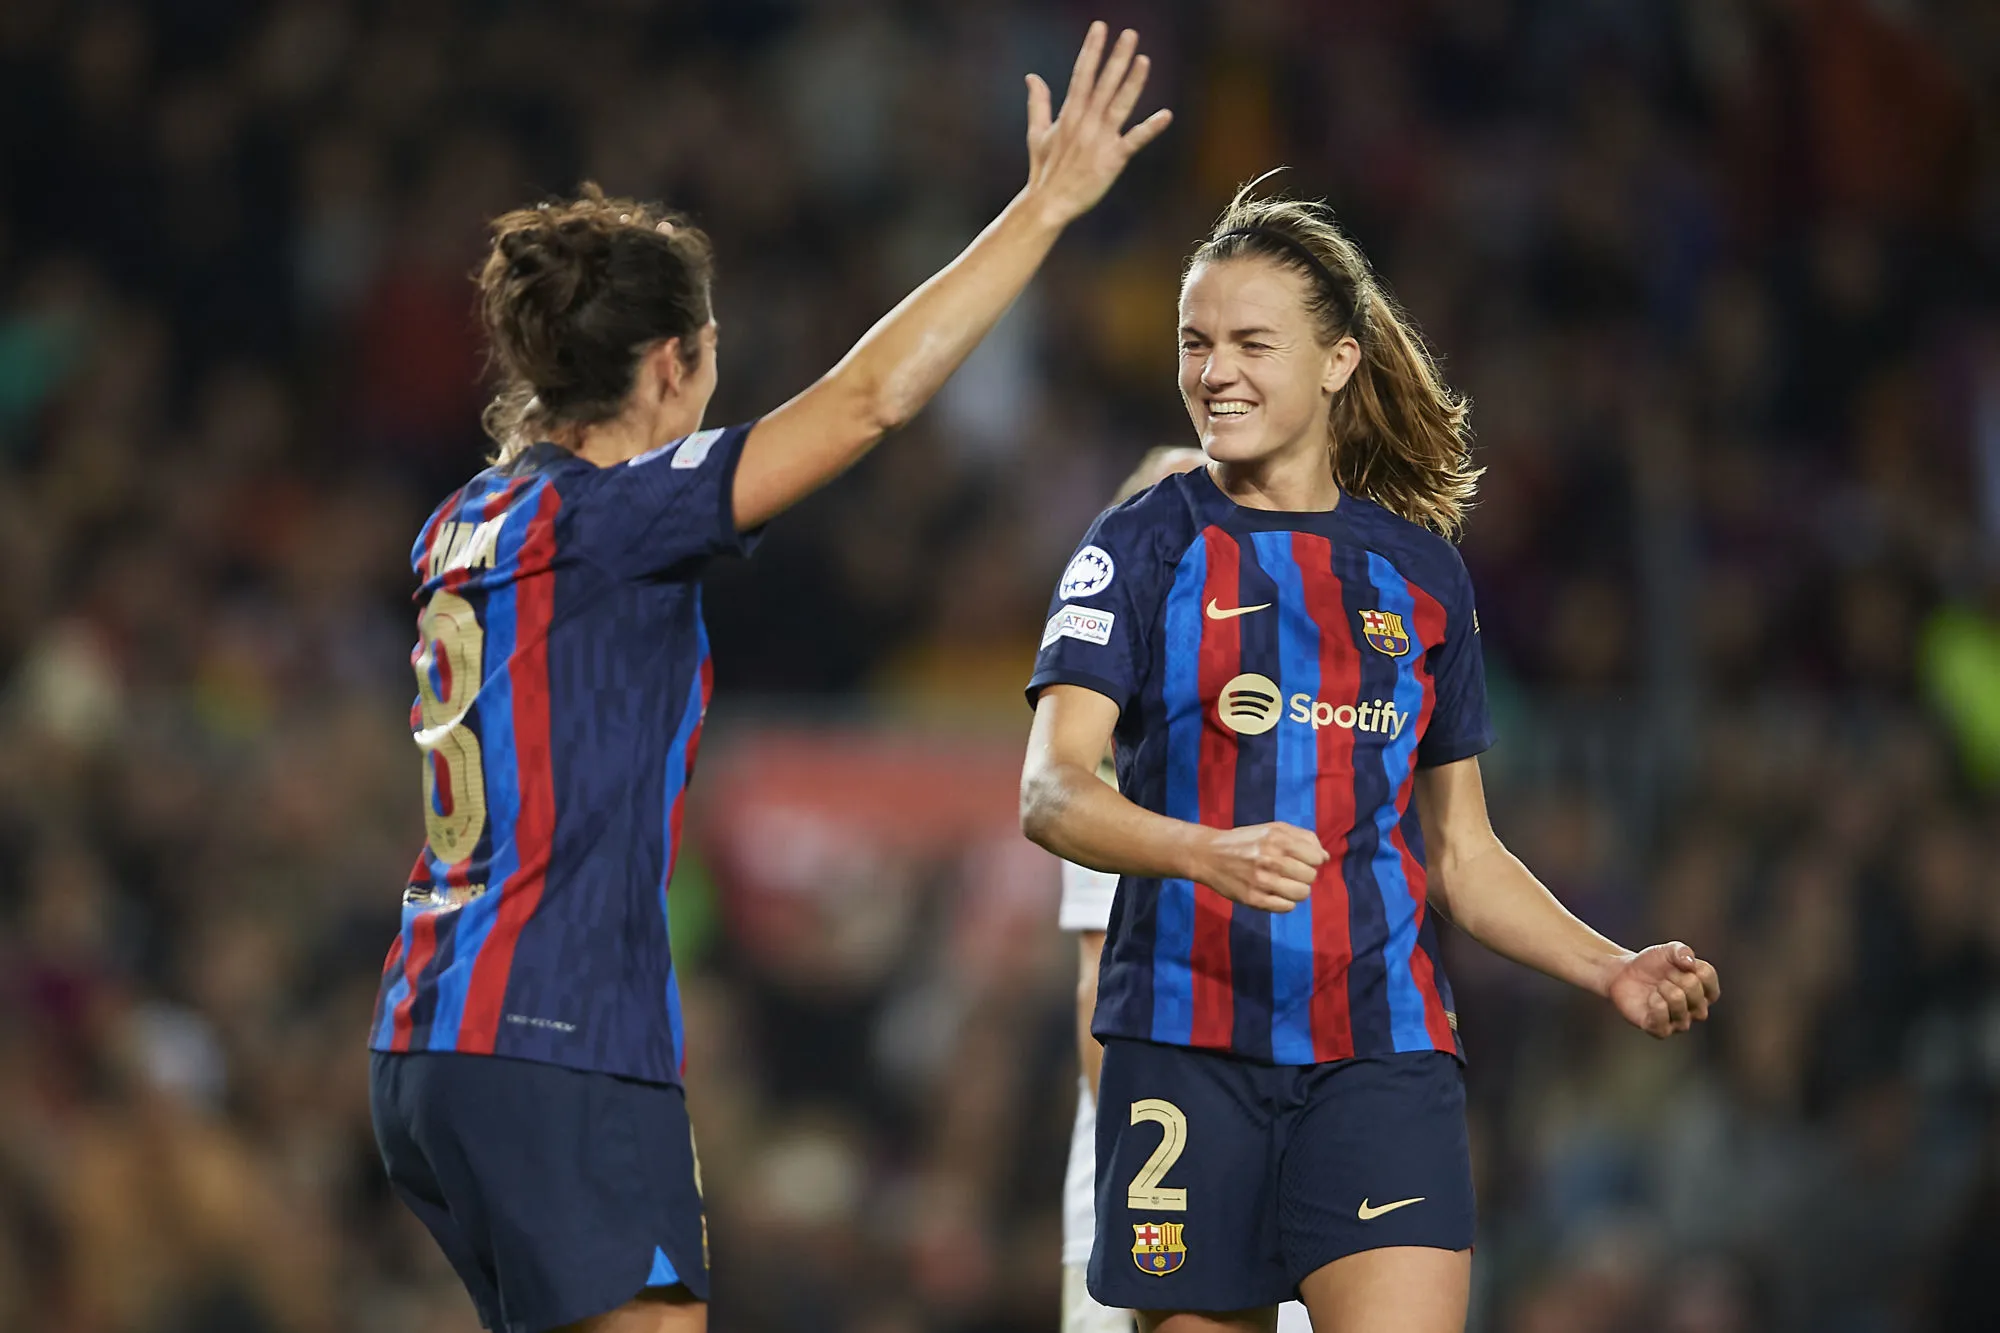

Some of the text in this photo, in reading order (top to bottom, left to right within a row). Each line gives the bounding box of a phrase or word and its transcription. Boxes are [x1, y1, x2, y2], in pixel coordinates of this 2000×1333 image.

[415, 589, 486, 865] 8
[1289, 692, 1408, 740] Spotify
[1127, 1098, 1187, 1211] 2
[1148, 1244, 1170, 1253] FCB
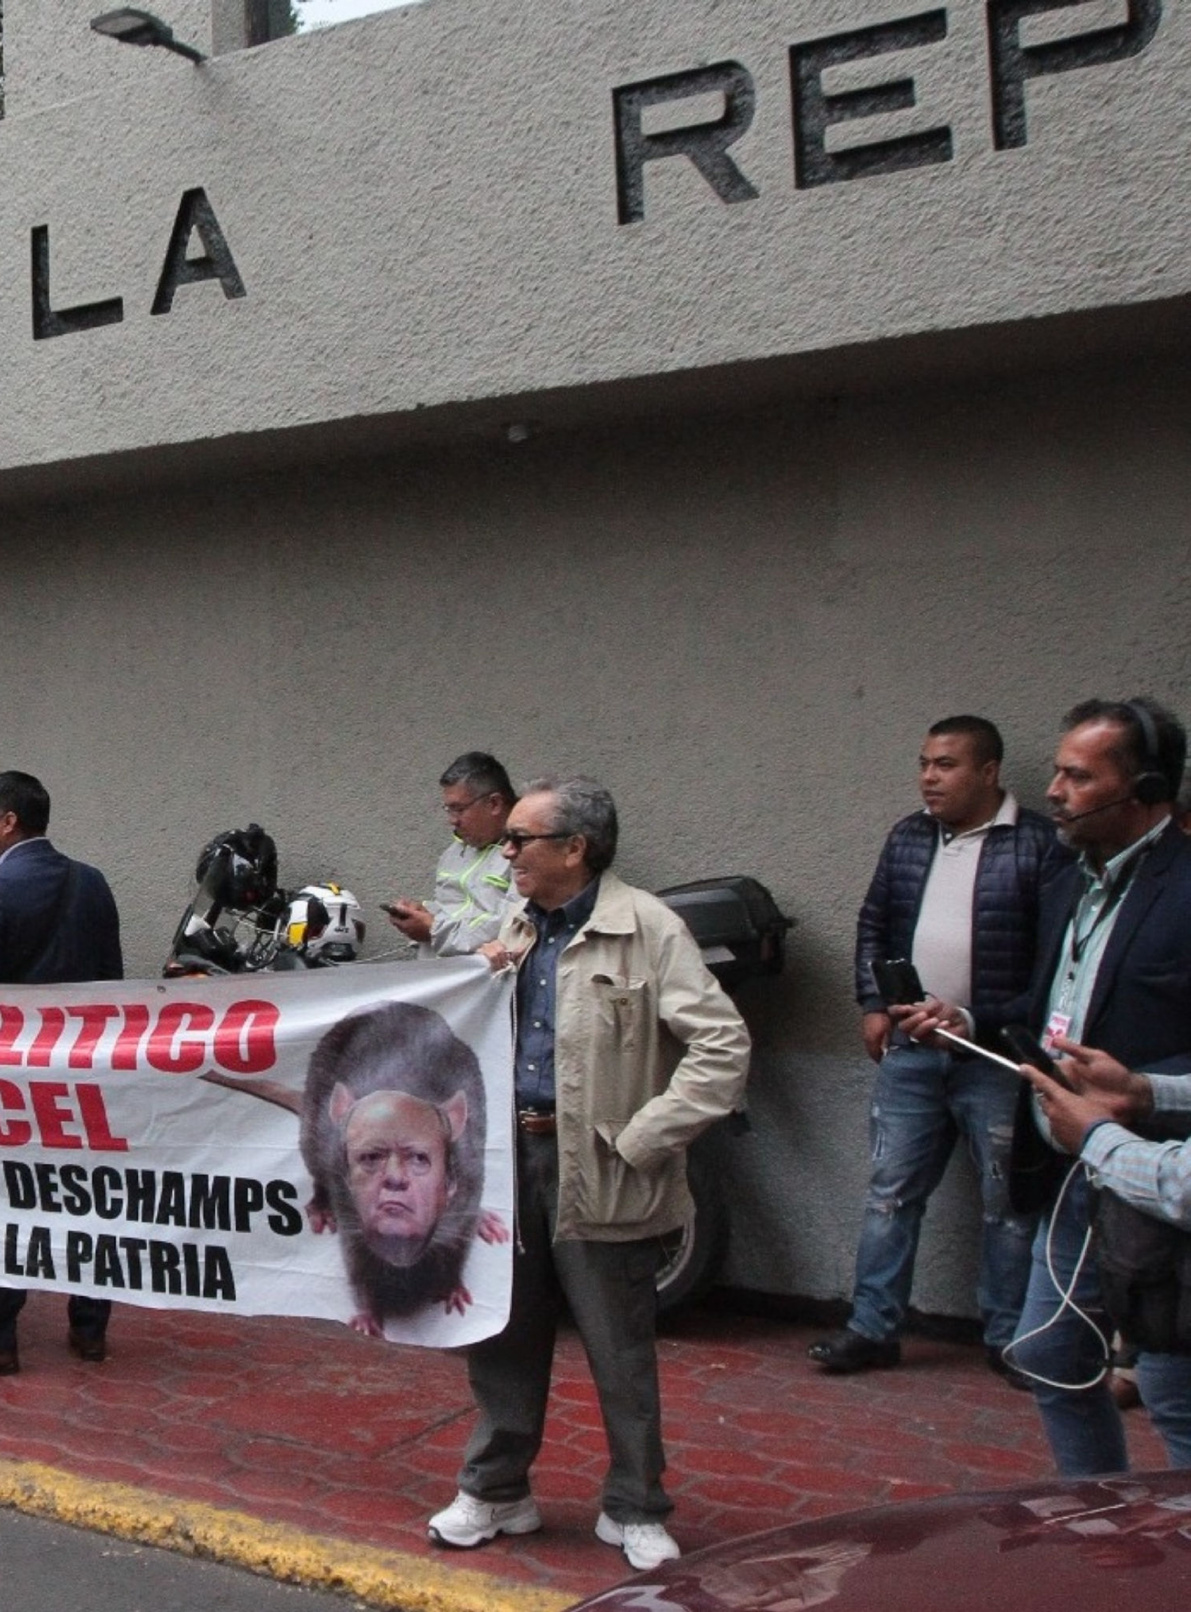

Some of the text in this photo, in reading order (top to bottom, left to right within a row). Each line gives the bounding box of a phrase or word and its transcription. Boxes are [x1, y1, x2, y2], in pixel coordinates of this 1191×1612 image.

[31, 186, 247, 341] LA
[612, 0, 1164, 225] REP
[3, 1160, 303, 1237] DESCHAMPS
[4, 1223, 57, 1280] LA
[67, 1230, 237, 1302] PATRIA
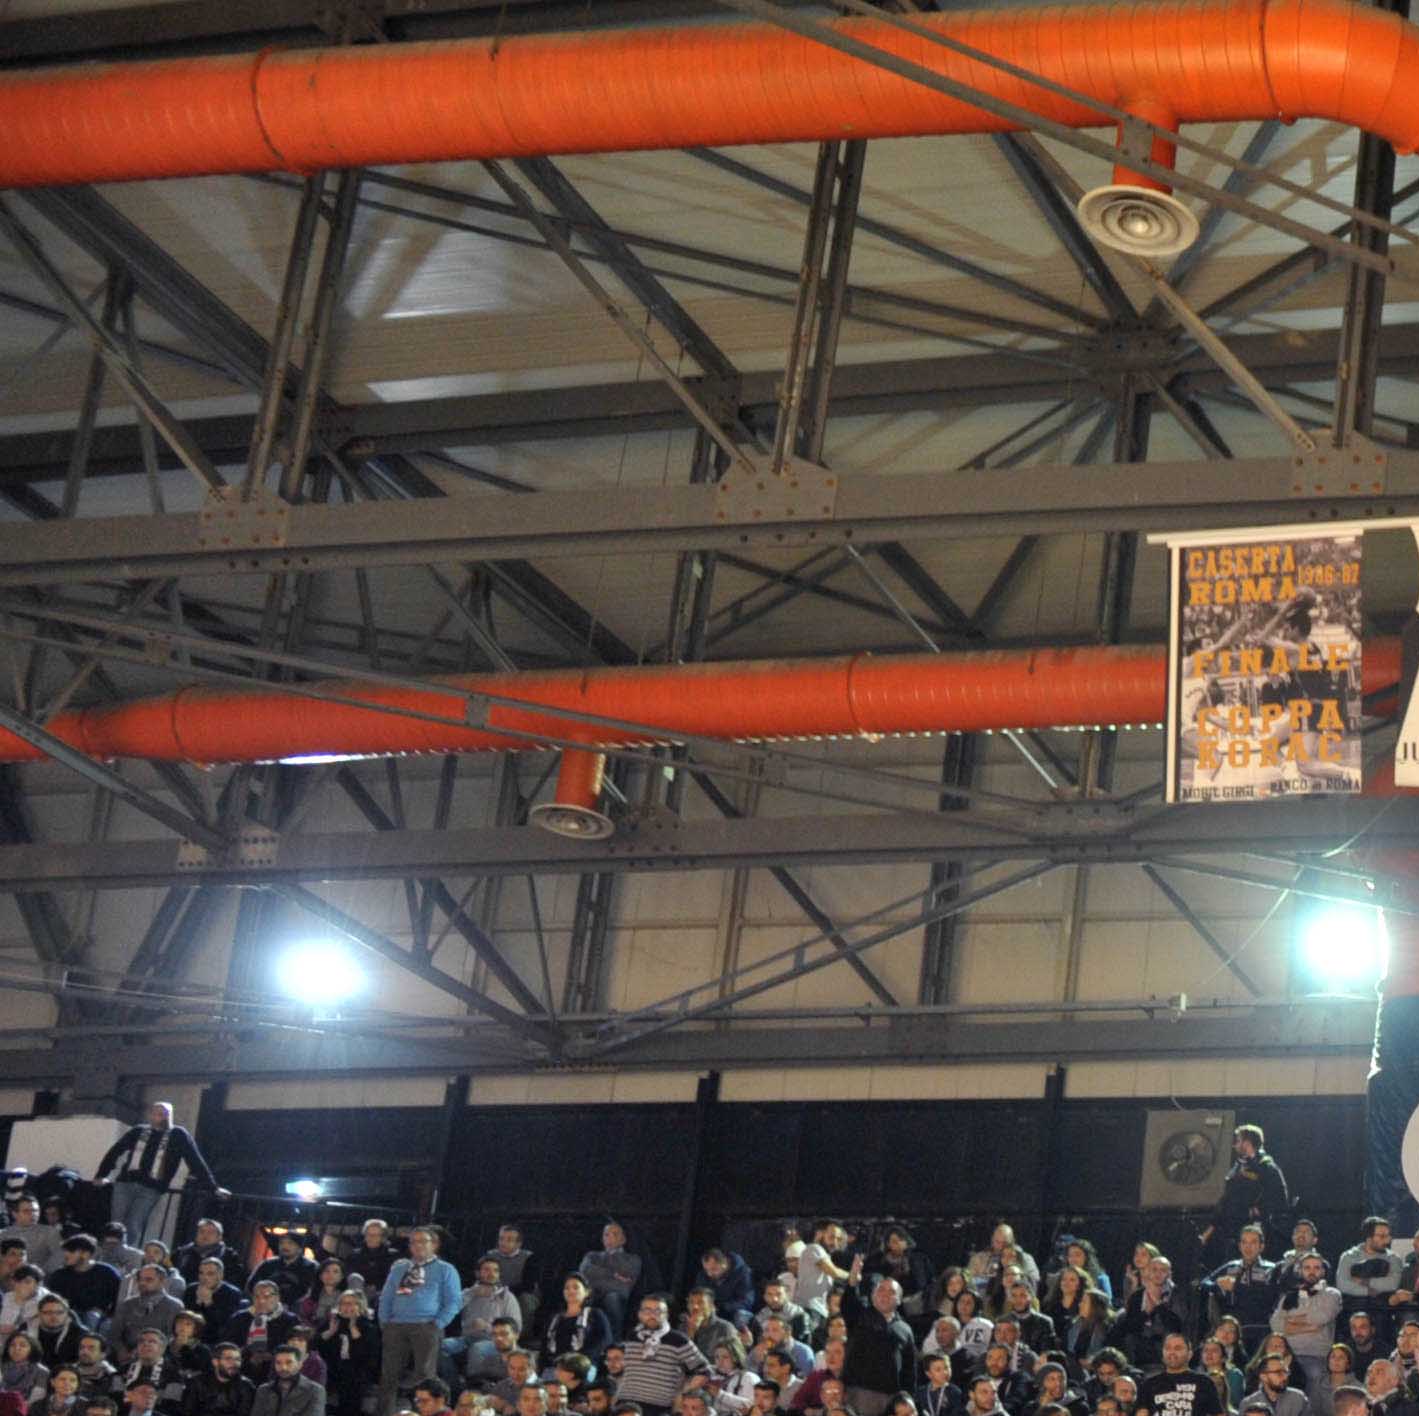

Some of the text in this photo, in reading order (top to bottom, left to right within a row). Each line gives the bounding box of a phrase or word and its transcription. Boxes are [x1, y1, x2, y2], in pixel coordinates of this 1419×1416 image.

* **Task description**
All of the entries above are to be written out exactly, with no pictures.

* **Exercise solution**
Some of the text in this photo, in reading order (top to bottom, left to right within a row). Each line gives the bounding box of a phrase or word and its transcription. Boxes are [x1, y1, x2, y2], in pixel coordinates of this 2000×1333 image.

[415, 589, 486, 865] 8
[1289, 692, 1408, 740] Spotify
[1127, 1098, 1187, 1211] 2
[1148, 1244, 1170, 1253] FCB

Some of the text in this photo, in reading order (top to bottom, left to right within a row). Each line gives the bounding box of a phrase or word and its transcription. Boxes are [x1, y1, x2, y2], in pixel coordinates of this 1191×1612 image.

[31, 186, 247, 341] LA
[612, 0, 1164, 225] REP
[3, 1160, 303, 1237] DESCHAMPS
[4, 1223, 57, 1280] LA
[67, 1230, 237, 1302] PATRIA

Some of the text in this photo, in reading order (top to bottom, left to right within a row). Each line gives the bounding box of a phrase or word and its transcription. Boxes are [x1, y1, x2, y2], in pixel coordinates of this 1419×1416 image.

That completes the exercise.